À la recherche des dix tribus perdues d’Israël: les Mizos de Birmanie

Il est quand même paradoxal de constater qu’après la perte de six millions d’âmes au XXe siècle, des millions d’autres de par le monde se réclament de leur identité d’êtres juifs. Il y a de cela 2700 ans, les Assyriens qui avaient conquis le royaume d’Israël en avaient exilé ses dix tribus. En fait, le peuple juif descend essentiellement des deux seules tribus de Juda et de Benjamin et les légendes sur les dix tribus perdues sont légion. Dans les Écritures, il est indiqué que la fin des temps sera marquée par le rassemblement des exilés, ainsi que le prédisait Isaïe (27-13) : « Alors arriveront ceux qui étaient égarés dans le pays d’Assyrie et des éconduits en terre d’Égypte. » Durant des siècles, des rêveurs et des aventuriers se rendirent aux confins de l’Orient et de l’Afrique afin de retrouver ces tribus que la légende situe au-delà de la rivière Sambation, rivière qui arrêterait de couler le sabbat…

Aujourd’hui, près d’un million et demi de Bné Ménashé de la région bordant la frontière indo-birmane à l’Est du Bangladesh se réclament de la tribu israélite de Manassé.
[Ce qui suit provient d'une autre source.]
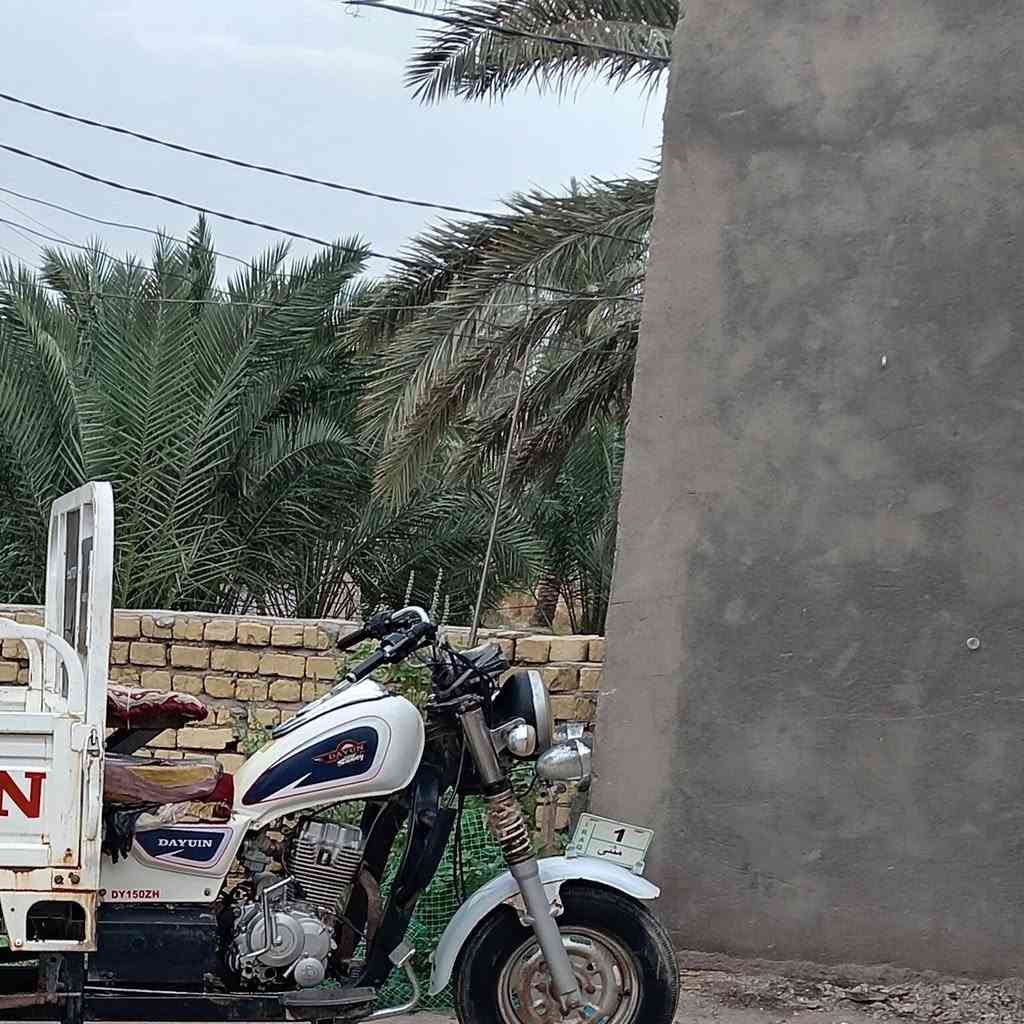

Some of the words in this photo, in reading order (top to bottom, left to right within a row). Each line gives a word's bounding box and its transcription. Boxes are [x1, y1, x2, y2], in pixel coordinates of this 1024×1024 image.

[613, 828, 626, 843] 1
[158, 838, 213, 849] DAYUIN
[111, 890, 160, 899] DY150ZH
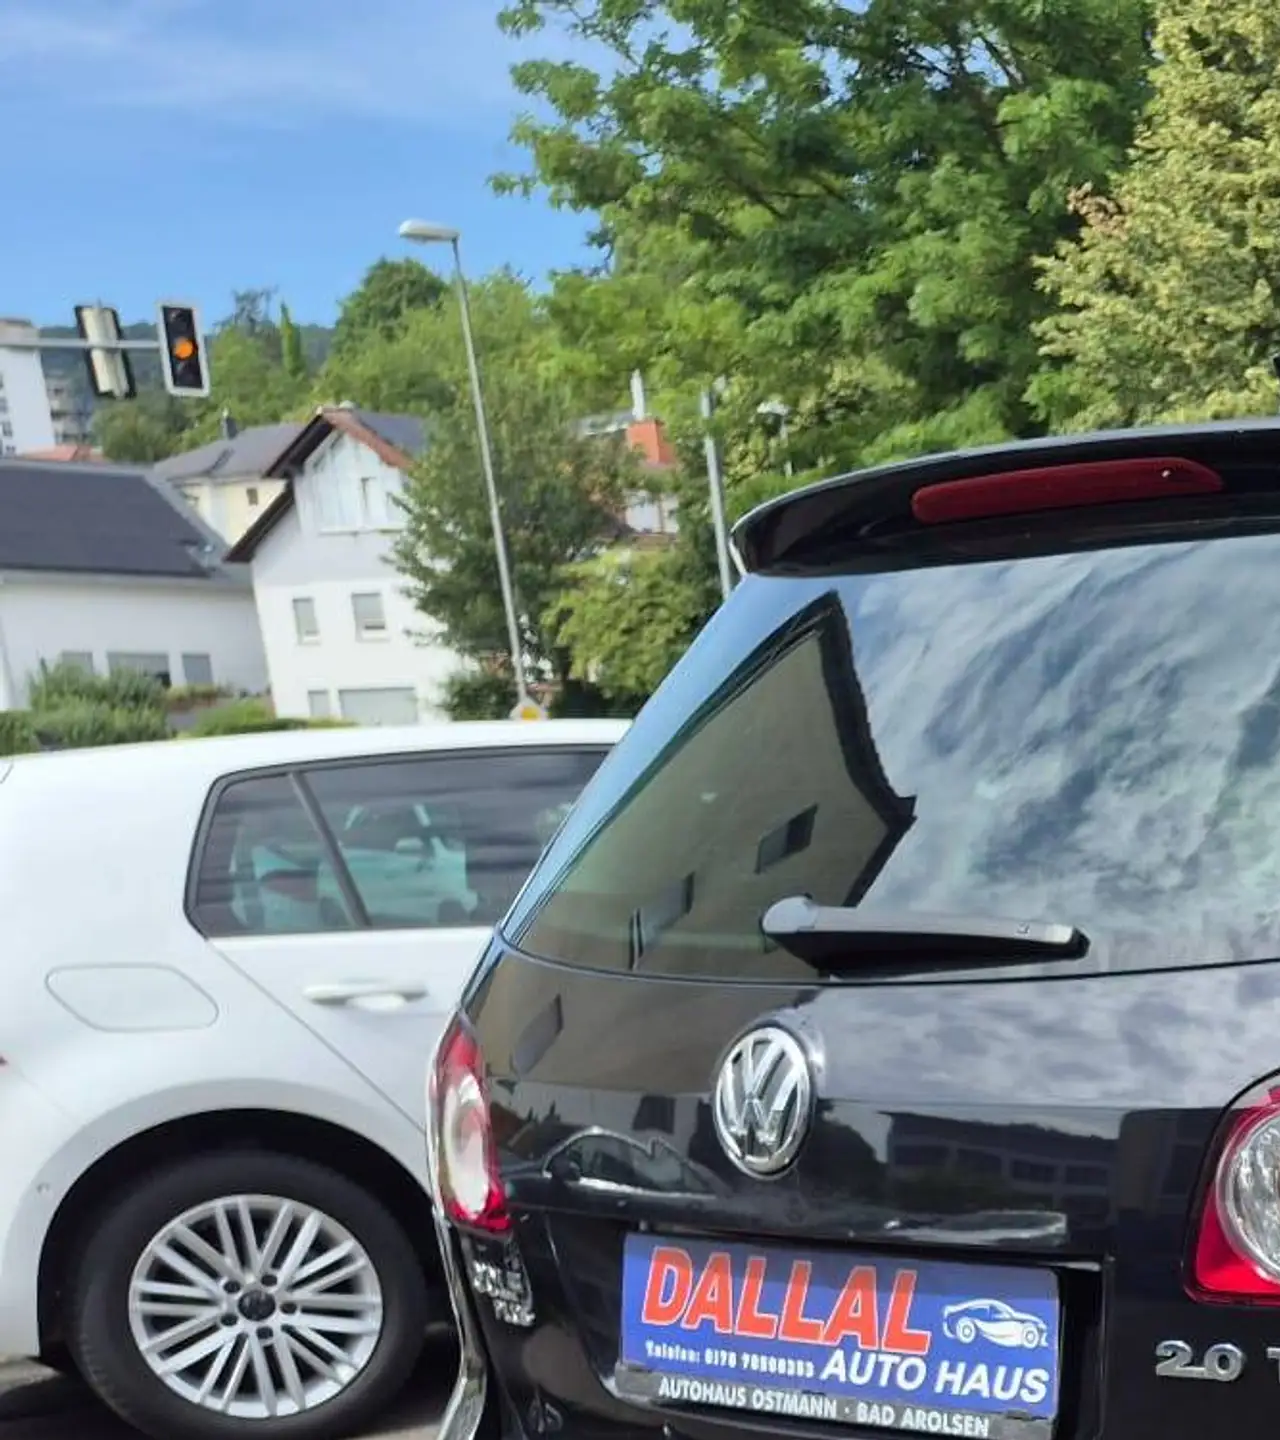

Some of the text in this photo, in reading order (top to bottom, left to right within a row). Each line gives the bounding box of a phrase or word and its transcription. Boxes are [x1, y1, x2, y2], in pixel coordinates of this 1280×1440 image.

Ce sont : les Chhinlung de la région tibéto-birmane connus sous le nom de Mizo et Kuki en Inde, Chin en Myanmar et Lushai au Bangladesh. Selon leur tradition, ils auraient fui la Chine et les Chinois leur auraient subtilisé leur parchemin sacré. De nos jours, les Juifs chinois sont pour la plupart originaires de Kaifeng, entre le Tibet et le Szechuan. Ils constituent une communauté d’environ cinquante mille âmes.